Quelques éléments de contexte sur les étudiants en médecine ayant obtenu entre 30 et 44 crédits durant l’année 2016-2017 tout d’abord:

Un étudiant de médecine qui n’avait pas atteint une moyenne de 8/20 ou plus à la session d’examens de janvier, était alors obligé de signer une convention d’allégement (soit une répartition des crédits sur deux ans, de 30 à 44 crédits suivant l’université et le nombre de cours réussis). Avec pour conséquence, une obligation de faire une 1ère année de médecine en deux ans car il était alors impossible d’obtenir les 45 crédits pour aller en 2ème.

Le 8 décembre 2017, Le tribunal de première instance de Bruxelles a autorisé une dizaine d’étudiants à poursuivre leur 1ère année en médecine ou dentisterie bien qu’ils aient échoué à l’examen d’entrée organisé en septembre 207. Ces étudiants ont validé entre 30 et 44 crédits mais ne pouvaient plus continuer leur cursus car ils n’avaient pas réussi leur convention d’allègement.

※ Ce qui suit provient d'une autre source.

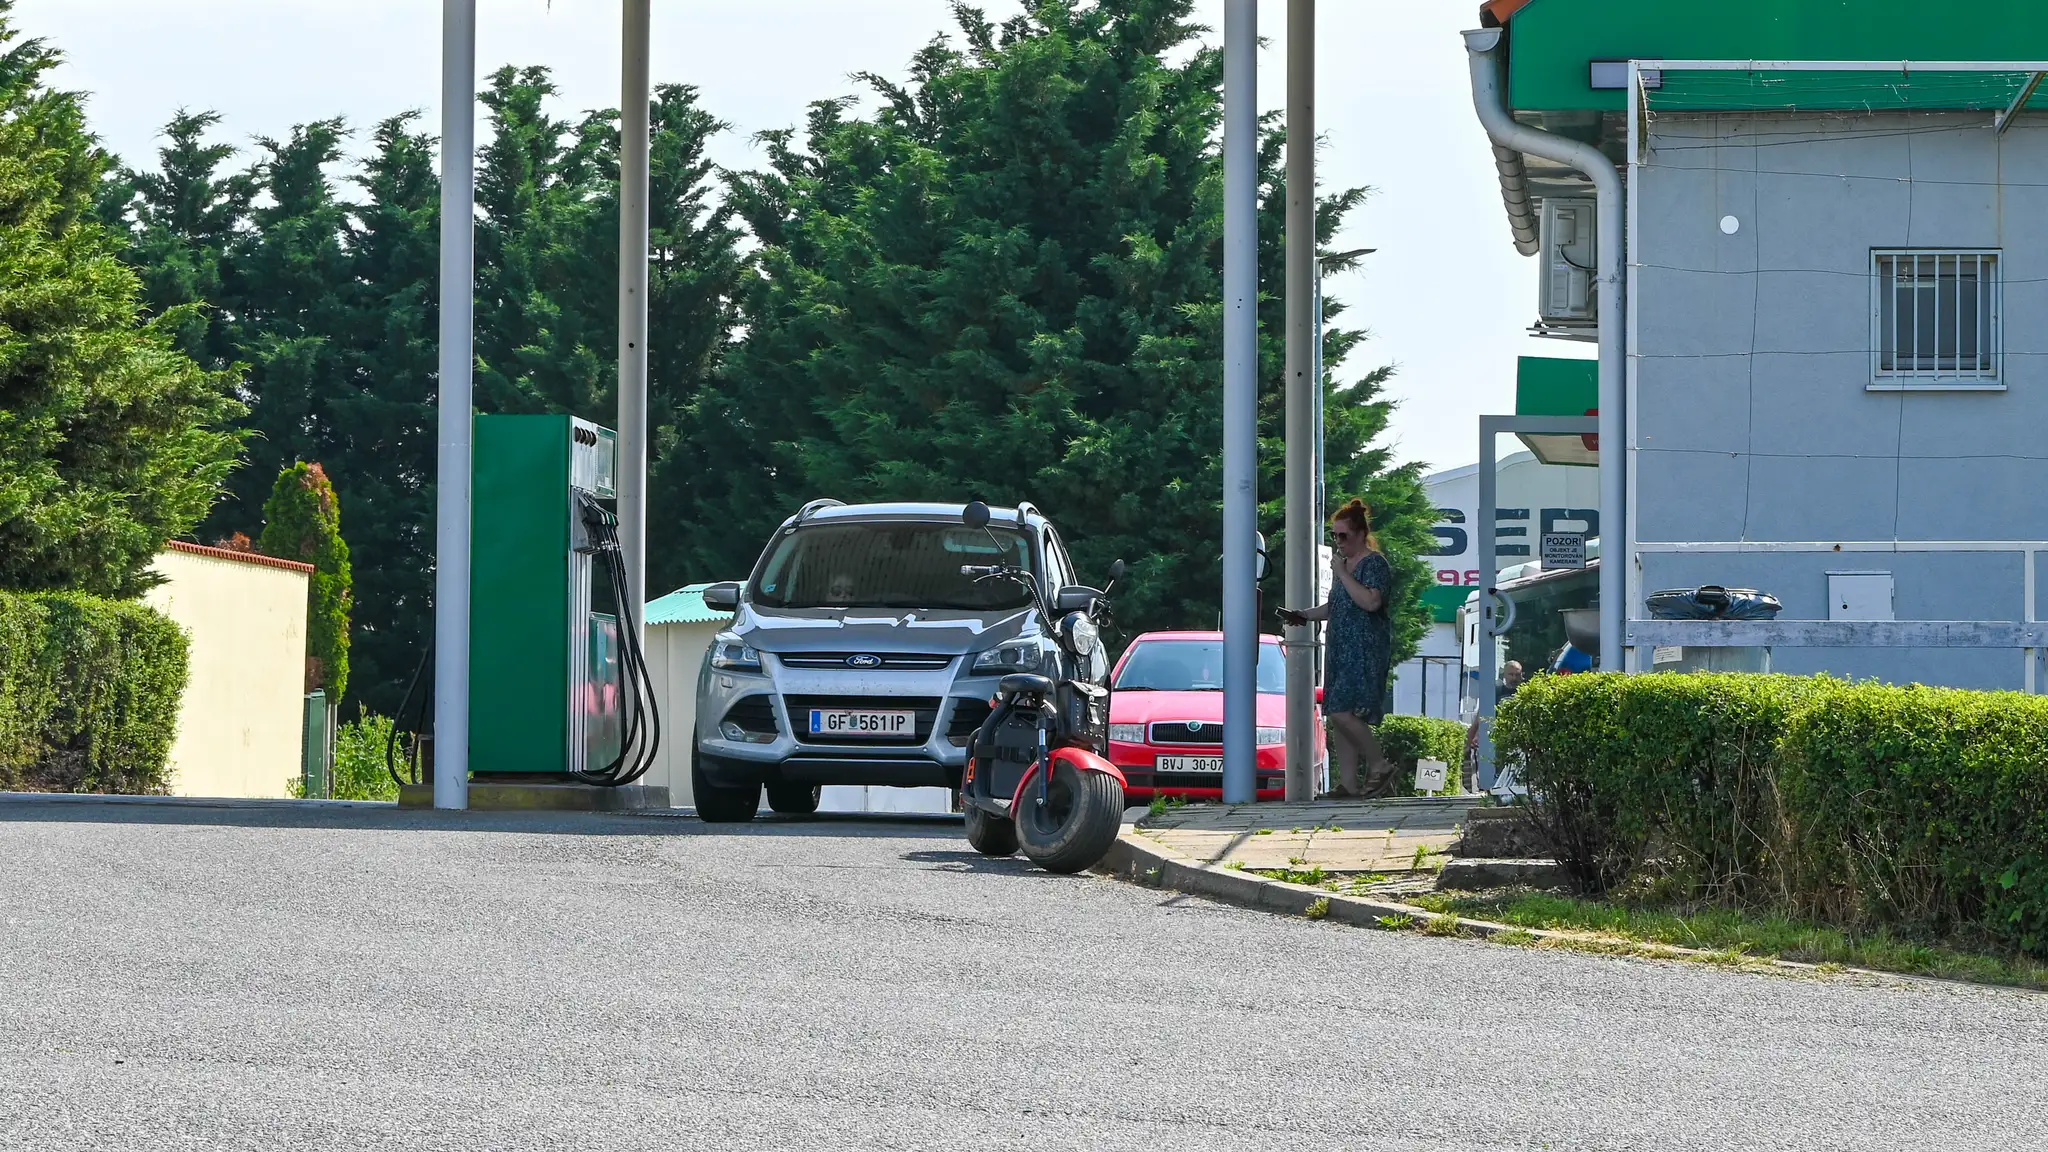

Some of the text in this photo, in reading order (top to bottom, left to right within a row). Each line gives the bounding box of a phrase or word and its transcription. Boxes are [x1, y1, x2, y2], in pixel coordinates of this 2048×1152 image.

[1546, 537, 1581, 545] POZOR!
[853, 656, 874, 665] Ford
[828, 714, 906, 731] GF 561IP
[1162, 758, 1184, 771] BVJ
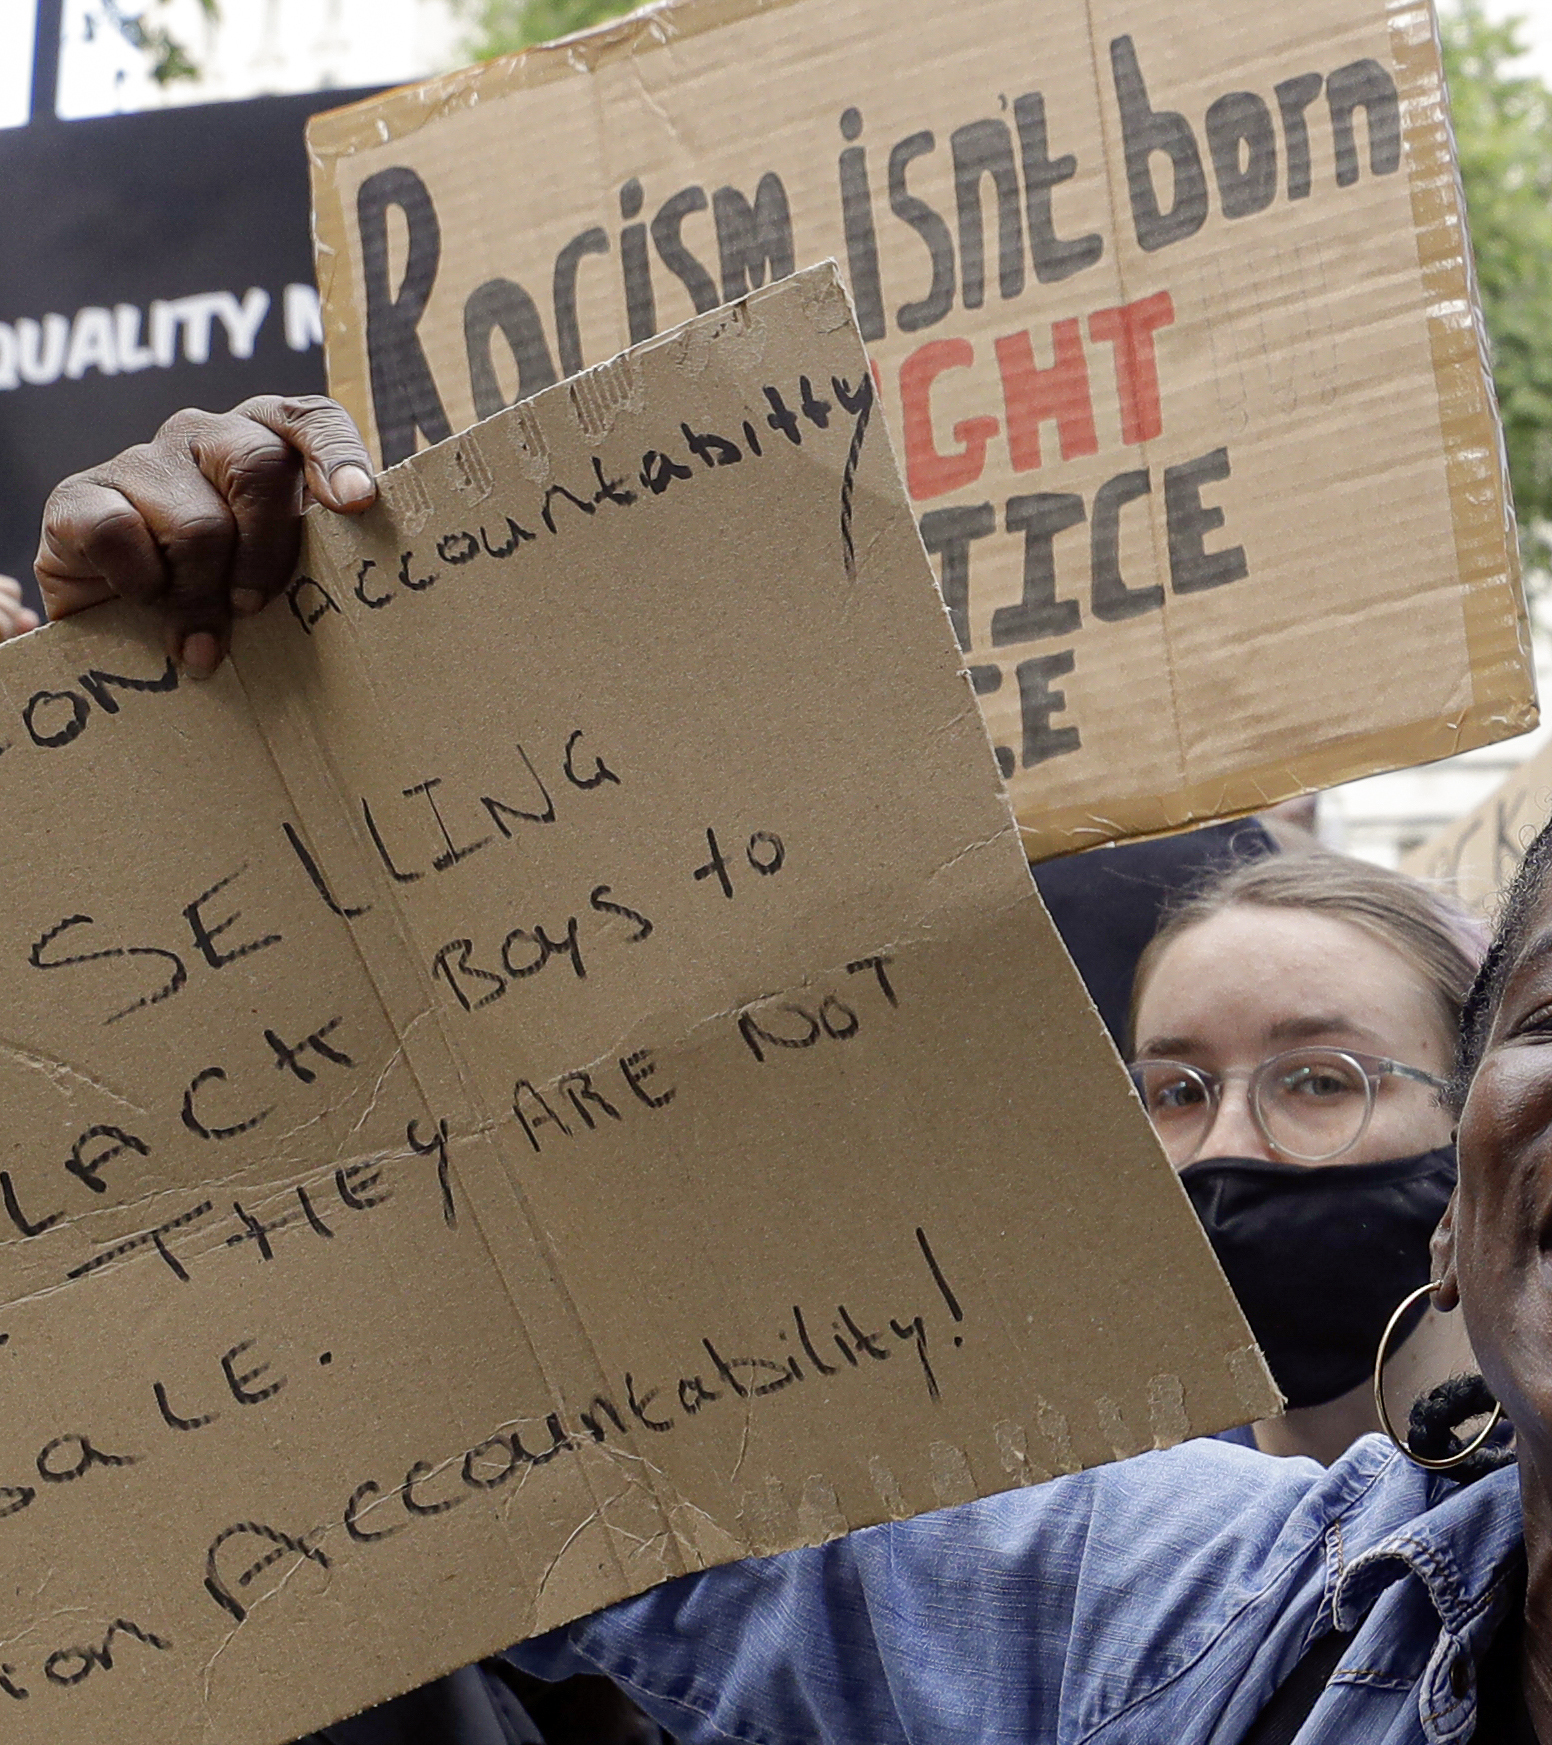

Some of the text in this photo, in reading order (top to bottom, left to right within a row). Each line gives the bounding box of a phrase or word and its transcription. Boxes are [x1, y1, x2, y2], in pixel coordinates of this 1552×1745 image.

[358, 166, 796, 466] Racism
[1109, 34, 1401, 252] born
[869, 290, 1176, 501] GHT
[28, 730, 620, 1025] SELLING
[694, 827, 785, 898] to
[513, 1049, 677, 1151] ARE
[739, 956, 898, 1061] NOT
[205, 1227, 963, 1621] Accountability!
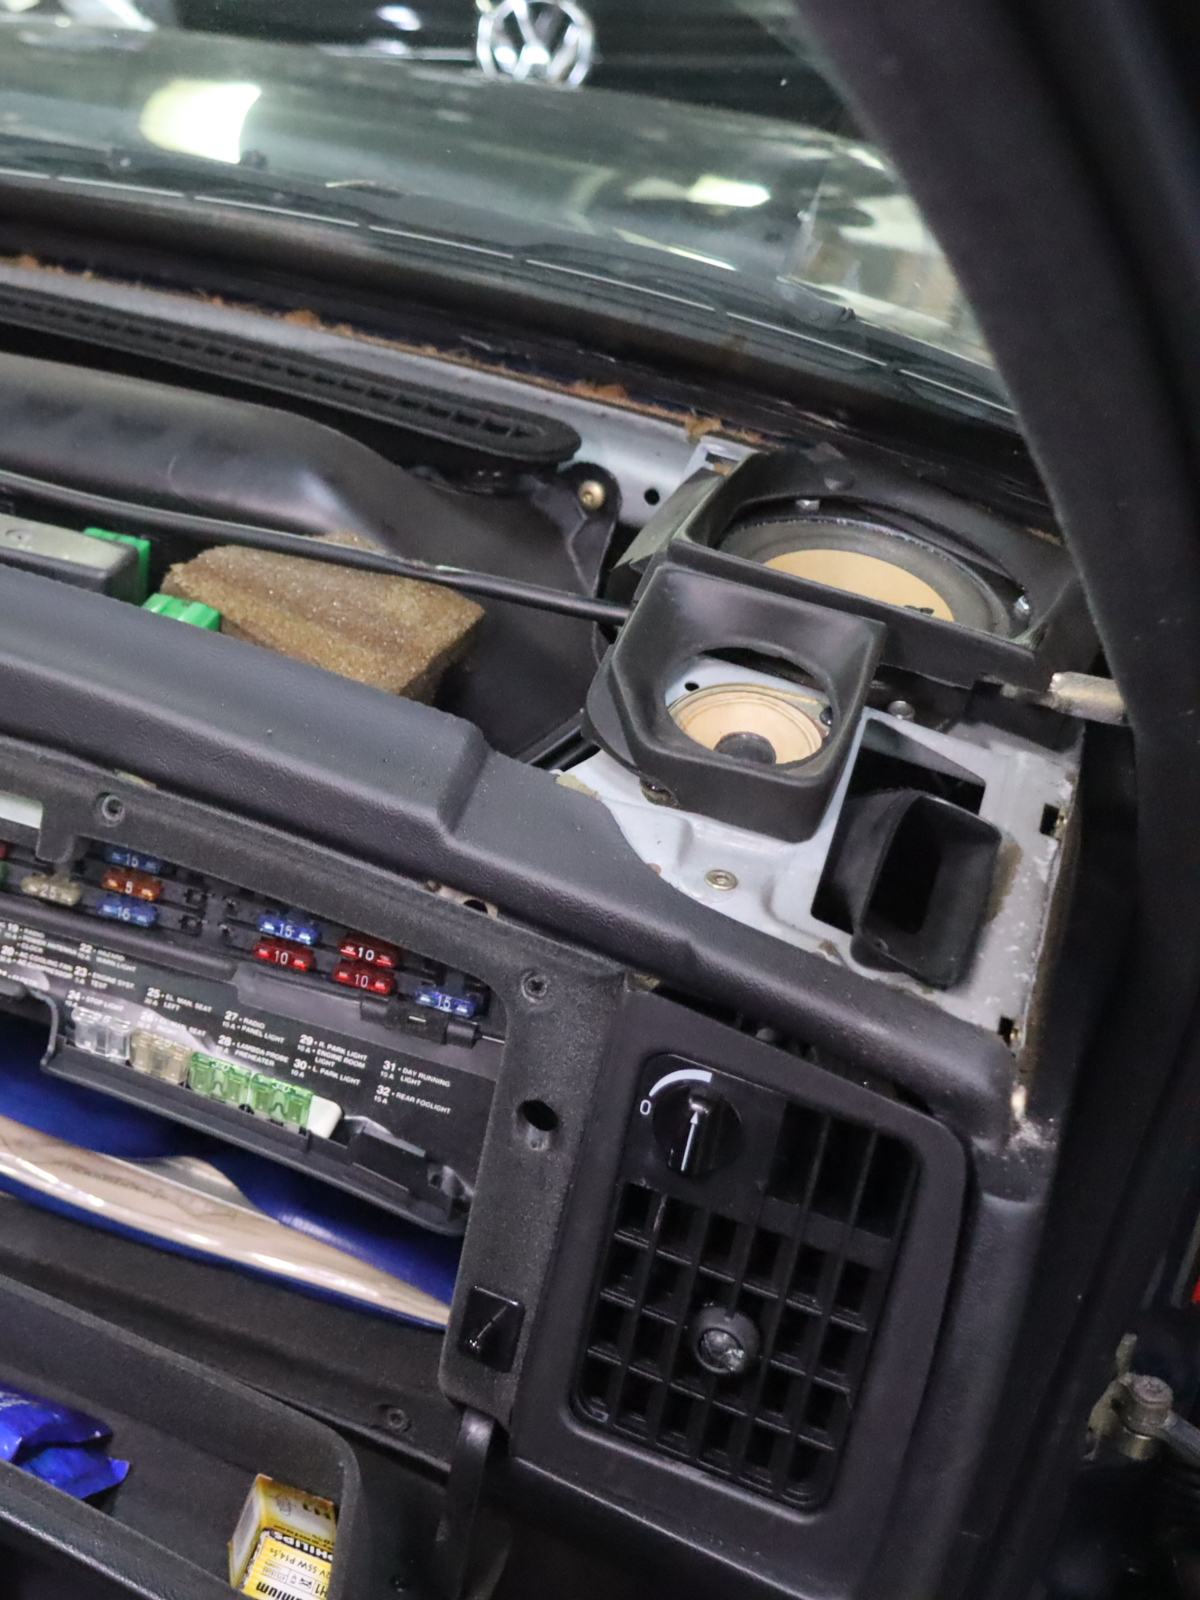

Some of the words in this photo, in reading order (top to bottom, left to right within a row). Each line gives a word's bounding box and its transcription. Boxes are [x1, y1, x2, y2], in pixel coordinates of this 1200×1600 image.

[125, 854, 139, 868] 15
[40, 884, 57, 900] 25
[125, 881, 133, 894] 5
[278, 923, 294, 938] 15
[0, 945, 14, 957] 20
[79, 943, 93, 954] 22
[97, 949, 125, 962] HAZARD
[274, 950, 289, 966] 10
[357, 947, 375, 962] 10
[74, 966, 88, 977] 23
[92, 972, 117, 984] ENGINE
[116, 962, 137, 972] LIGHT
[91, 979, 108, 990] TEST
[354, 974, 369, 989] 10
[67, 990, 81, 1002] 24
[86, 996, 104, 1006] STOP
[103, 1001, 124, 1012] LIGHT
[146, 987, 161, 999] 25
[194, 1002, 213, 1013] SEAT
[163, 1001, 180, 1012] LEFT
[438, 994, 451, 1010] 15
[92, 1012, 112, 1024] 25
[224, 1010, 238, 1022] 27
[243, 1017, 266, 1030] RADIO
[188, 1026, 207, 1037] SEAT
[241, 1025, 263, 1038] PANEL
[264, 1032, 285, 1044] LIGHT
[218, 1034, 232, 1047] 28
[236, 1042, 265, 1056] LAMBDA
[265, 1049, 289, 1063] PROBE
[299, 1034, 314, 1046] 29
[326, 1043, 346, 1055] PARK
[347, 1048, 368, 1061] LIGHT
[234, 1049, 275, 1067] PREHEATER
[314, 1056, 336, 1068] LIGHT
[316, 1049, 343, 1064] ENGINE
[343, 1056, 366, 1069] ROOM
[293, 1058, 308, 1070] 30
[319, 1067, 339, 1079] PARK
[339, 1072, 361, 1086] LIGHT
[382, 1060, 396, 1072] 31
[402, 1067, 417, 1077] DAY
[417, 1071, 451, 1088] RUNNING
[271, 1082, 291, 1093] 30
[400, 1075, 422, 1087] LIGHT
[376, 1085, 391, 1097] 32
[395, 1091, 416, 1104] REAR
[415, 1096, 451, 1115] FOGLIGHT
[297, 1558, 318, 1574] 55W

Le tribunal de première instance de Bruxelles a estimé que la situation « touchait au principe d’égalité et de non-discrimination ». Le tribunal dénonce en effet dans son jugement une injustice : un étudiant qui réussit sa convention d’allègement lui imposant de réussir 30 crédits est autorisé à poursuivre ses études alors qu’un étudiant qui a réussi le même nombre de crédits mais dont la convention lui imposait d’en réussir davantage serait arrêté dans son cursus.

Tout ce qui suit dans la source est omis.